Effects of Antimutagens on the Teratogenicity of N‐Methyl‐N'‐Nitro‐N‐Nitrosoguanidine in Mice

We examined whether vanillin (VA) and CoCl 2 ∙6H 2 O(CoCl 2 ), antimutagens, which have mutation suppressing effect, i.e., promotion of cellular repair function in vitro, can modify the teratogenicity in mice caused by N‐methyl‐N'‐nitro‐N‐nitrosoguanidine (MNNG), a direct‐acting monofunctional alkylating agent. ICR mice were treated with MNNG alone (single IP dose of 40 or 60 mg/kg) or in combination with the antimutagen on day 11 of gestation. Embryotoxicity and teratogenicity were examined at term. The incidence of MNNG‐induced syndactyly in the fore‐ and hindlimbs was significantly decreased by VA (50 mg/kg, IP) or CoCl 2 (10 mg/kg, IV) and a tendency to decrease in the incidence of oligodactyly was noted as well.

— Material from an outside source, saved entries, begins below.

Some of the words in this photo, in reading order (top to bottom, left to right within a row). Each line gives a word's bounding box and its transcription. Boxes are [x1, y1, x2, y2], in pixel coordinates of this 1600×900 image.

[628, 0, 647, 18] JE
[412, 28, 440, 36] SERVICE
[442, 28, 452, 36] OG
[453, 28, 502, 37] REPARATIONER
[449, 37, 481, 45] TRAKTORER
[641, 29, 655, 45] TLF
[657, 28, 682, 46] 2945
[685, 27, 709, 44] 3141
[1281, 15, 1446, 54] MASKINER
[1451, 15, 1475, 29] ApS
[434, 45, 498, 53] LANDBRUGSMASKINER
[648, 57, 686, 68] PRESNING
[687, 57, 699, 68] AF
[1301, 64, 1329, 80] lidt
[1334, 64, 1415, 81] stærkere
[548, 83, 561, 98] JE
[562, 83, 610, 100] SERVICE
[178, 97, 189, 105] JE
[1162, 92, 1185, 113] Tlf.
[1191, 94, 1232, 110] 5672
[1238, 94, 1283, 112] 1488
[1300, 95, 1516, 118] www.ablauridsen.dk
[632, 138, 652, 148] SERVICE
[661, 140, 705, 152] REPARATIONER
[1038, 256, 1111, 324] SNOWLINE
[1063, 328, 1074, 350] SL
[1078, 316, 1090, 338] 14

On the other hand, the incidence of MNNG‐induced brachydactyly was increased by VA or CoCl 2 . Though the mechanism of the modifying effects of both VA and CoCl 2 on MNNG‐induced malformations could not be delineated in the present study, the results indicate that the antimutagens which stimulate DNA recombination repair in vitro modify the manifestation of malformations caused by teratogens that attack the fetal DNA in the initial teratogenic mechanism.